В русской деревне - читать онлайн бесплатно полную версию (весь текст целиком)
Интервал:
Закладка:
Монотонность ландшафта и безграничная ширь производят все более и более гнетущее впечатление. Некоторые мелочи, которые прежде нарушали эту монотонность, теперь уже не обращают на себя внимания, так как они примелькались. Среди этих степей испытываешь страшную грусть. Мне никогда не приходилось прежде видеть такой шири, разве только на море; но там всегда находишься в большой компании пассажиров. А тут, кроме нас с Петровым, был один только возница, согнувшийся почти в дугу, не замечавший времени и не перестававший грызть подсолнухи.
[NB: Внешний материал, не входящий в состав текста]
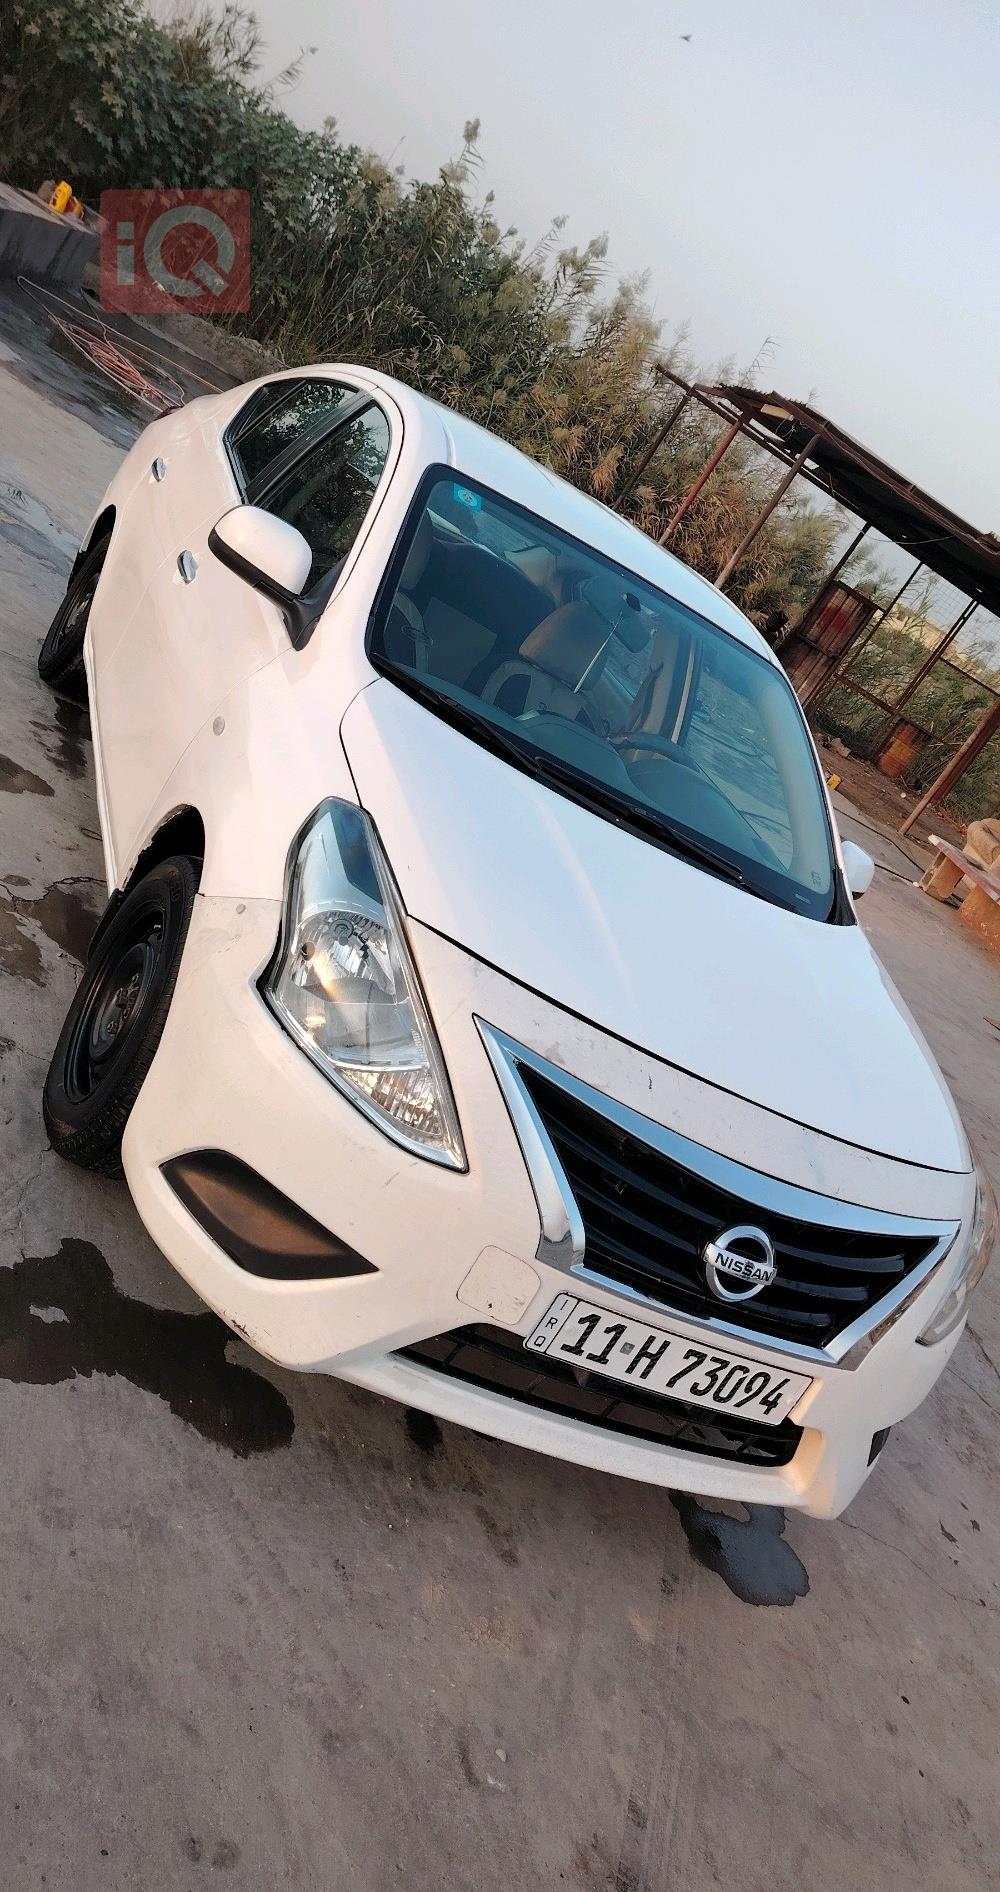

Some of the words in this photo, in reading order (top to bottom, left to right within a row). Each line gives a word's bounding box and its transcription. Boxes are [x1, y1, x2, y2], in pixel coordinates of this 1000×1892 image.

[714, 1252, 773, 1282] NISSAN
[533, 1299, 569, 1348] IRQ
[560, 1313, 628, 1365] 11
[625, 1335, 671, 1380] H
[665, 1348, 791, 1415] 73094
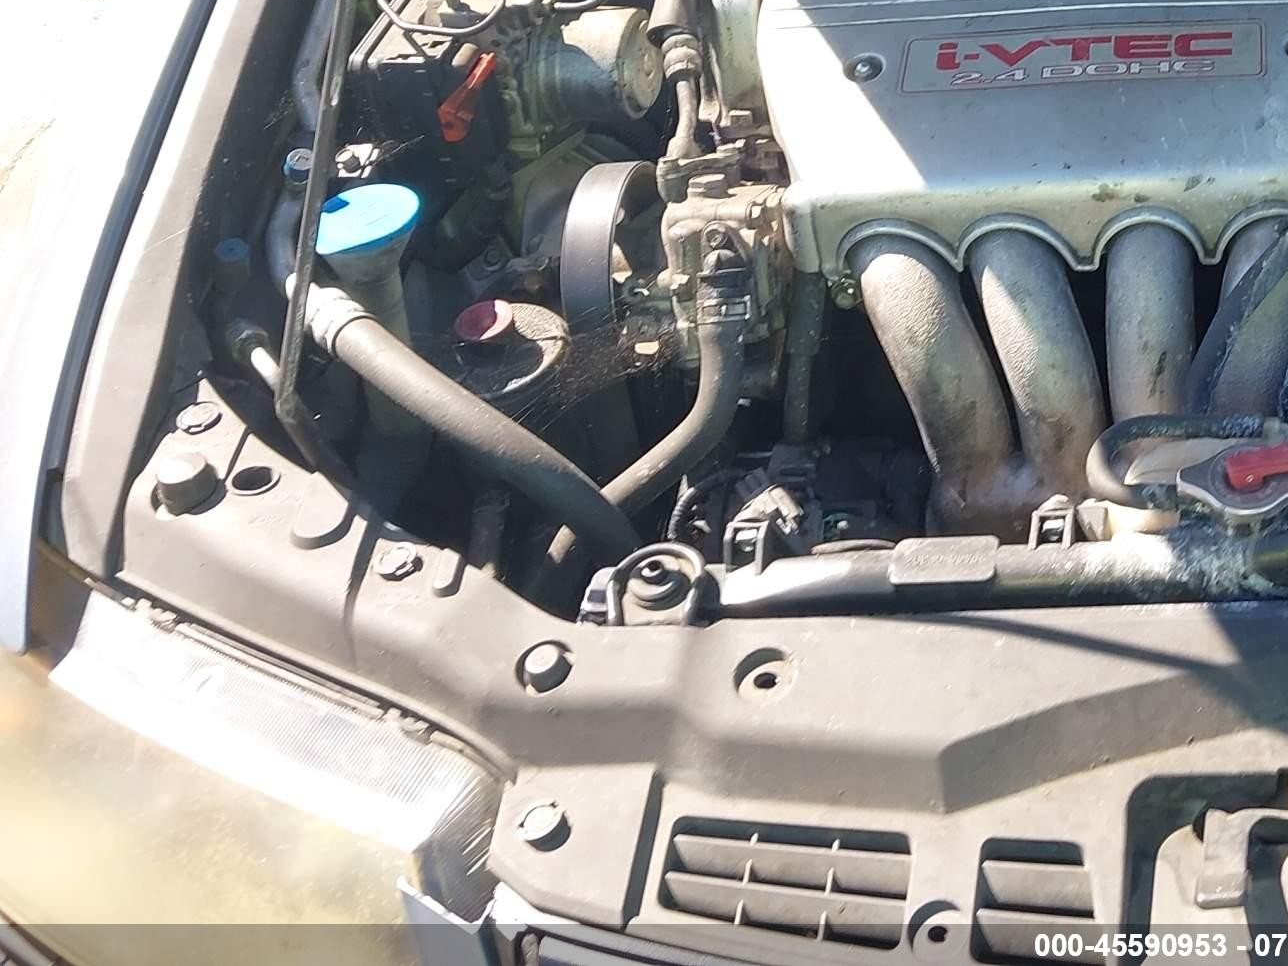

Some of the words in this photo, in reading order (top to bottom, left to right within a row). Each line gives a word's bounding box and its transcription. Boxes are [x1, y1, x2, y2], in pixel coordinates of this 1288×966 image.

[935, 32, 1233, 71] i-VTEC
[950, 67, 1029, 86] 2.4
[1040, 59, 1215, 80] DOHC
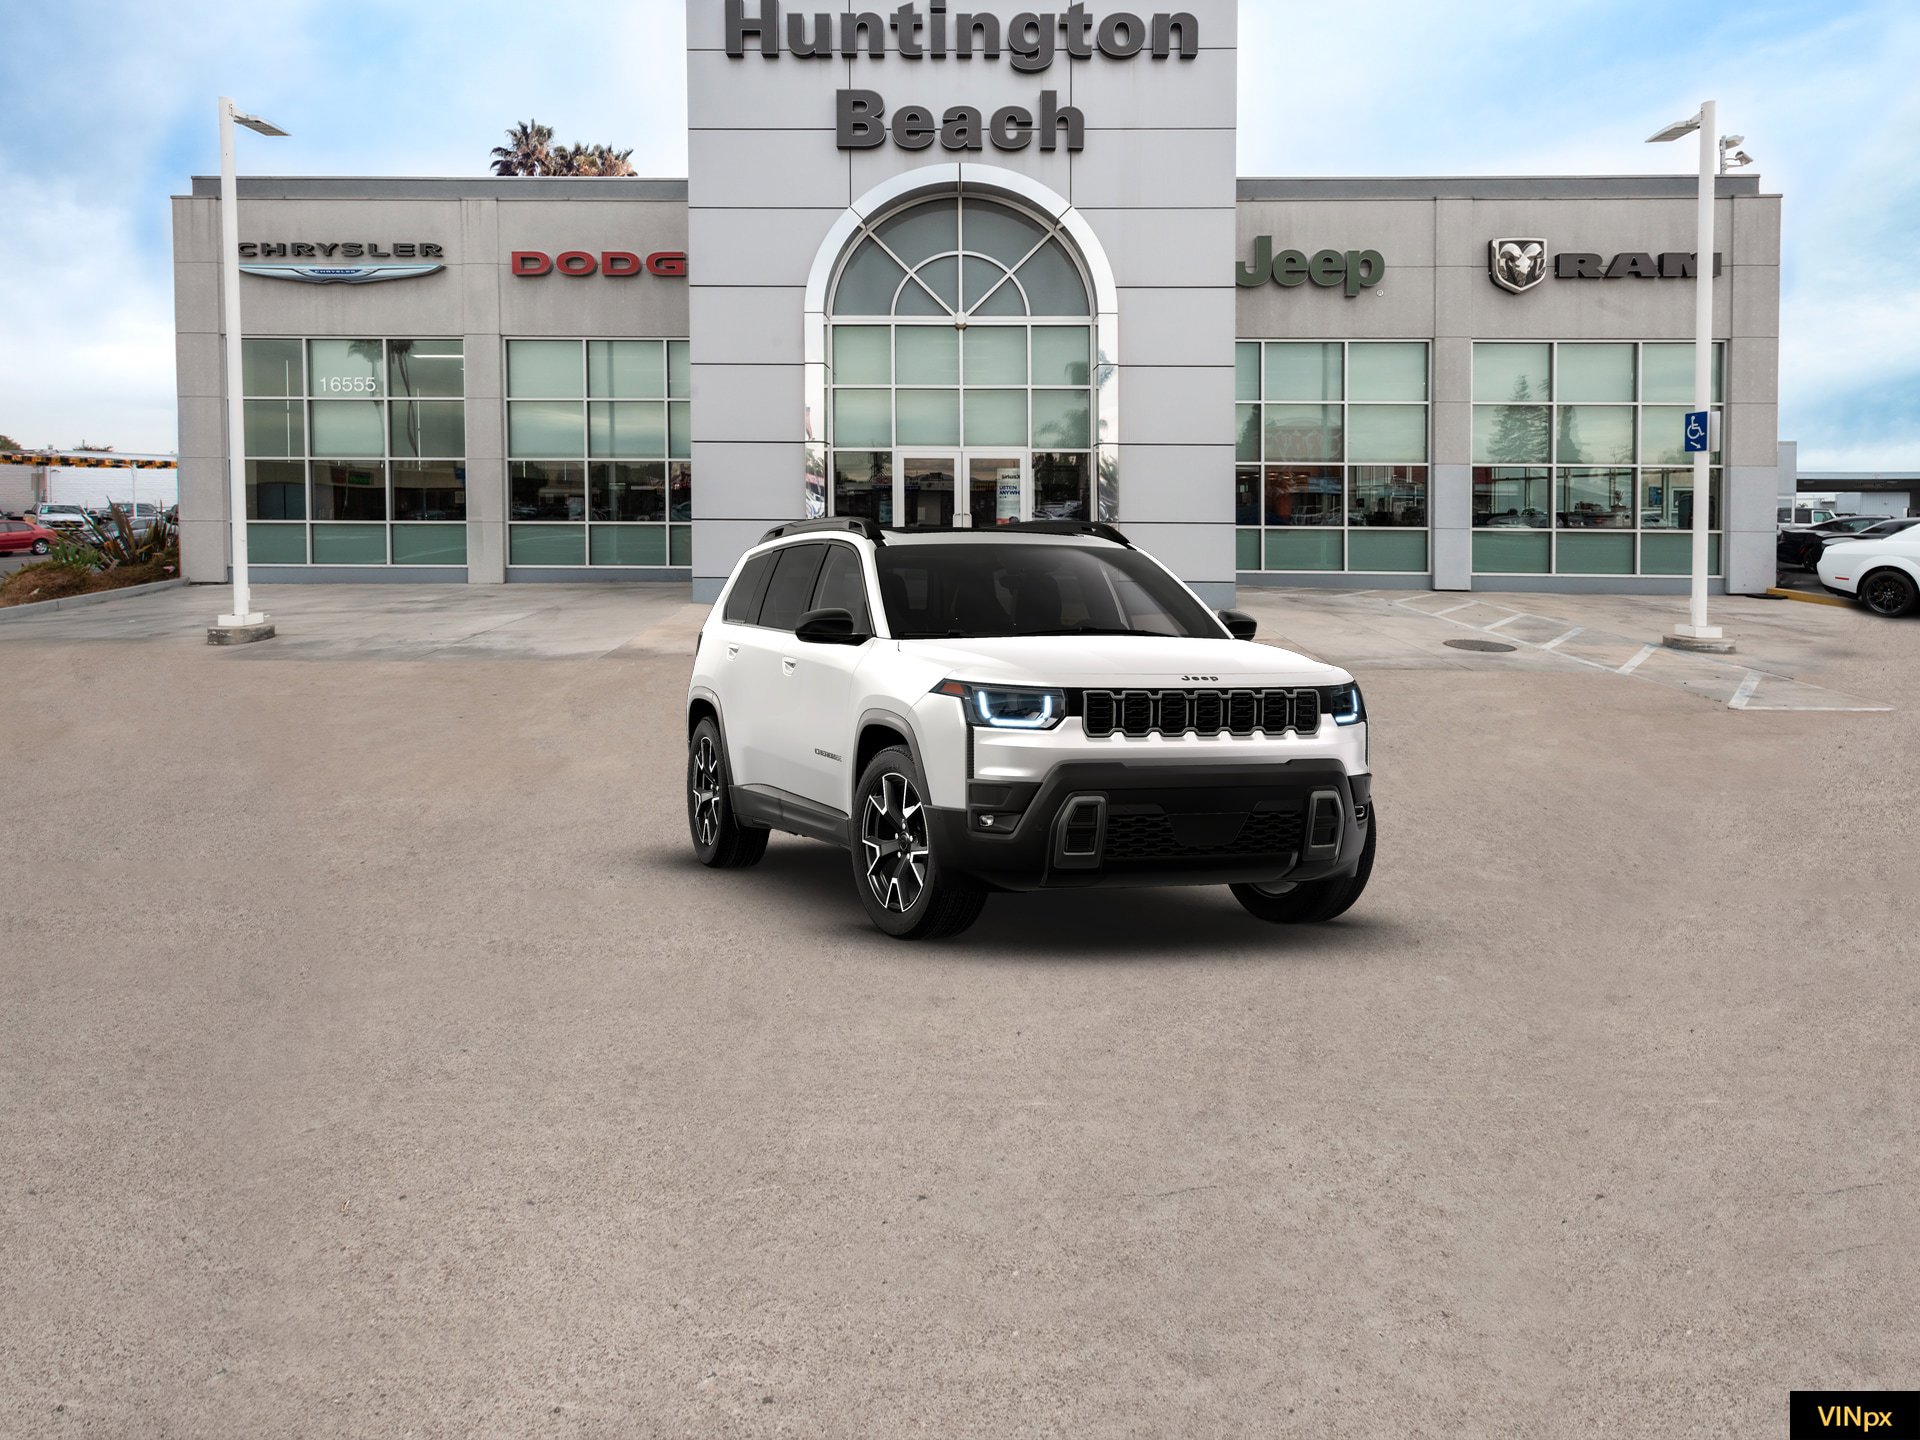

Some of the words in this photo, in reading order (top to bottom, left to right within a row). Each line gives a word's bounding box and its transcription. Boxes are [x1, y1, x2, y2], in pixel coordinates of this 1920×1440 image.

[724, 0, 1200, 73] Huntington
[835, 88, 1085, 152] Beach
[238, 241, 445, 258] CHRYSLER
[1235, 235, 1386, 298] Jeep
[1554, 252, 1722, 279] RAM
[319, 376, 376, 392] 16555
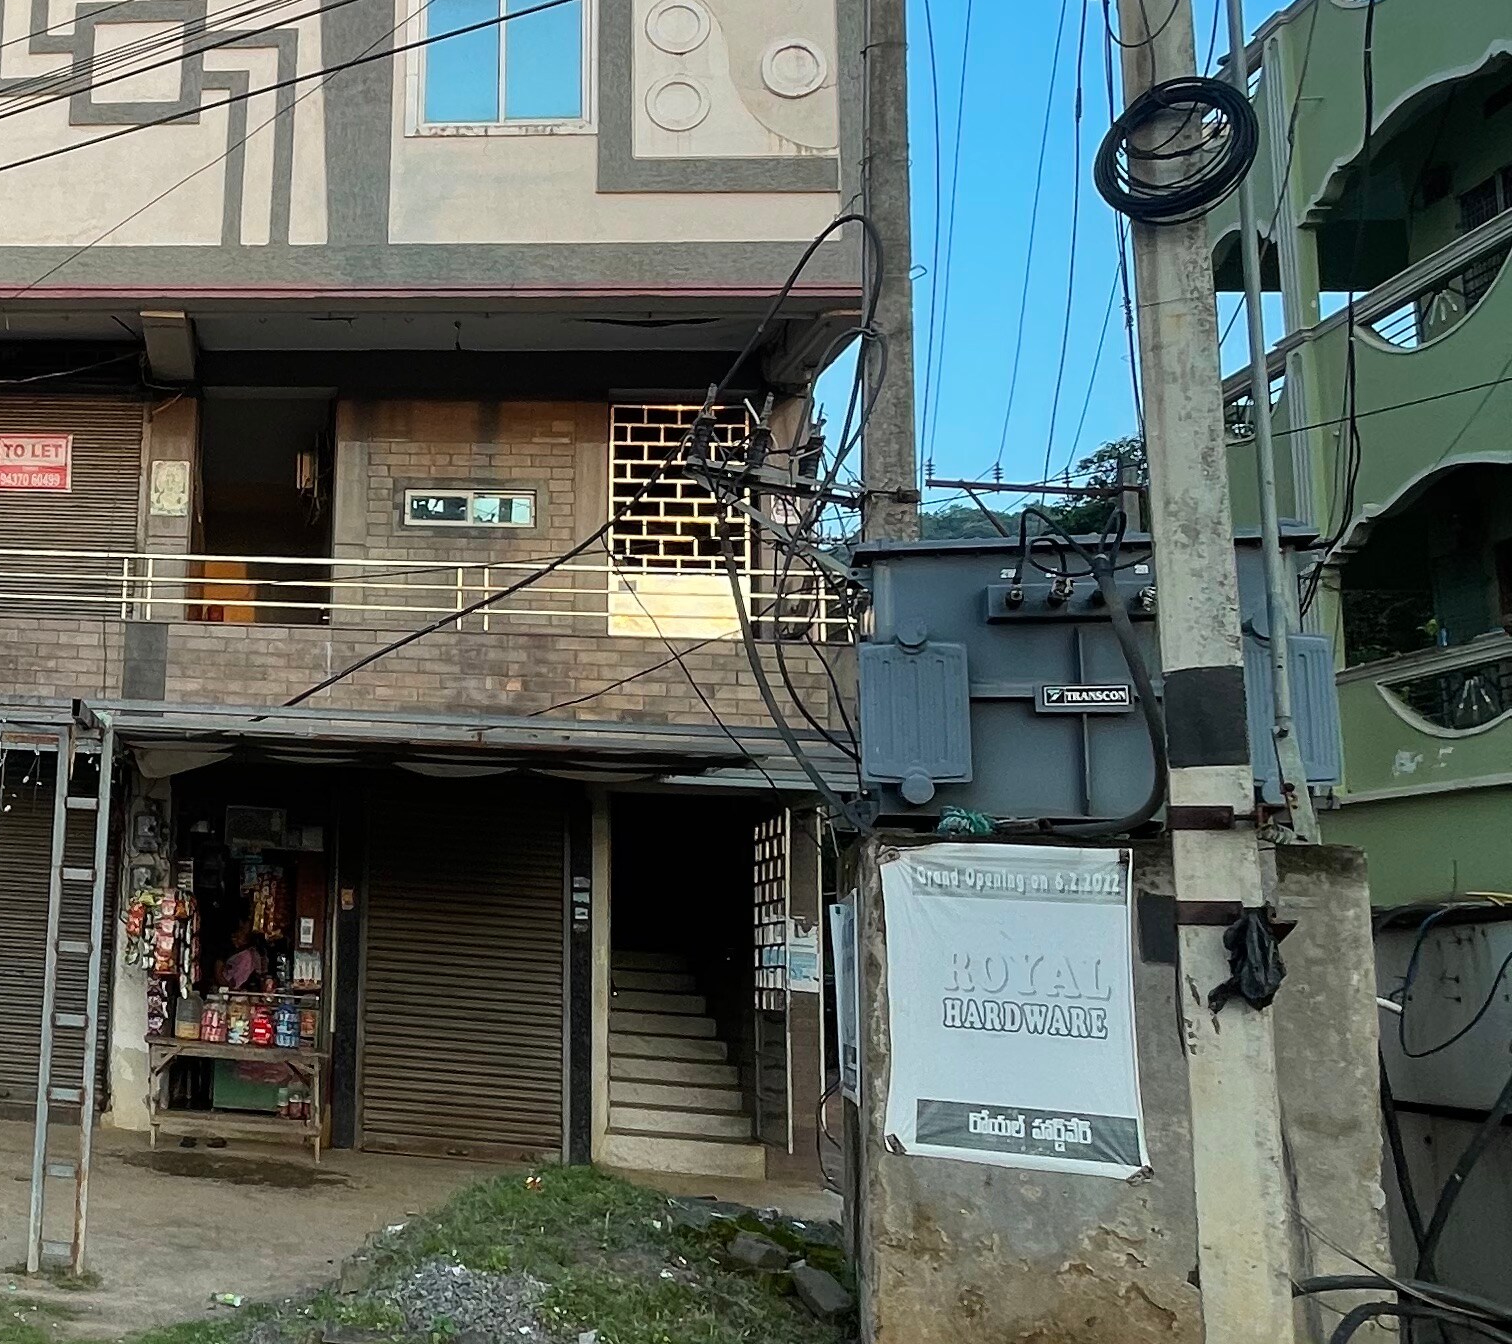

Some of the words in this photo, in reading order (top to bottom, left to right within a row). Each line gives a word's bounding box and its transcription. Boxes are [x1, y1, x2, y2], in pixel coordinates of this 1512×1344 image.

Я перестал глядеть по сторонам и принялся учить Петрова английскому языку. Ему никогда не приходилось разговаривать с англичанином, но он с большой любовью читал английскую поэзию, и его язык был слишком литературным, так: что самые простые слова, как лошадь, девочка, у него выходили как-то вычурно.
У Петрова был чарующий характер, и сам он был воплощенная кротость, учтивость. Он был убежденным пацифистом, хотя это комично противоречило его внешнему виду. Ибо он был телеграфистом, а так как телеграф находился в ведении военной власти, то он получил военный френч и имел вид военного человека — «воина», как сам он говорил о себе в шутку. Он был худ и несколько сутуловат, и френч сидел на нем мешком. А остроконечная шапка, чрезвычайно больших размеров, как-то неуклюже сидела на затылке, обнажая спереди большой локон красивых шелковистых волос. Такие же красивые и пушистые были у него усы.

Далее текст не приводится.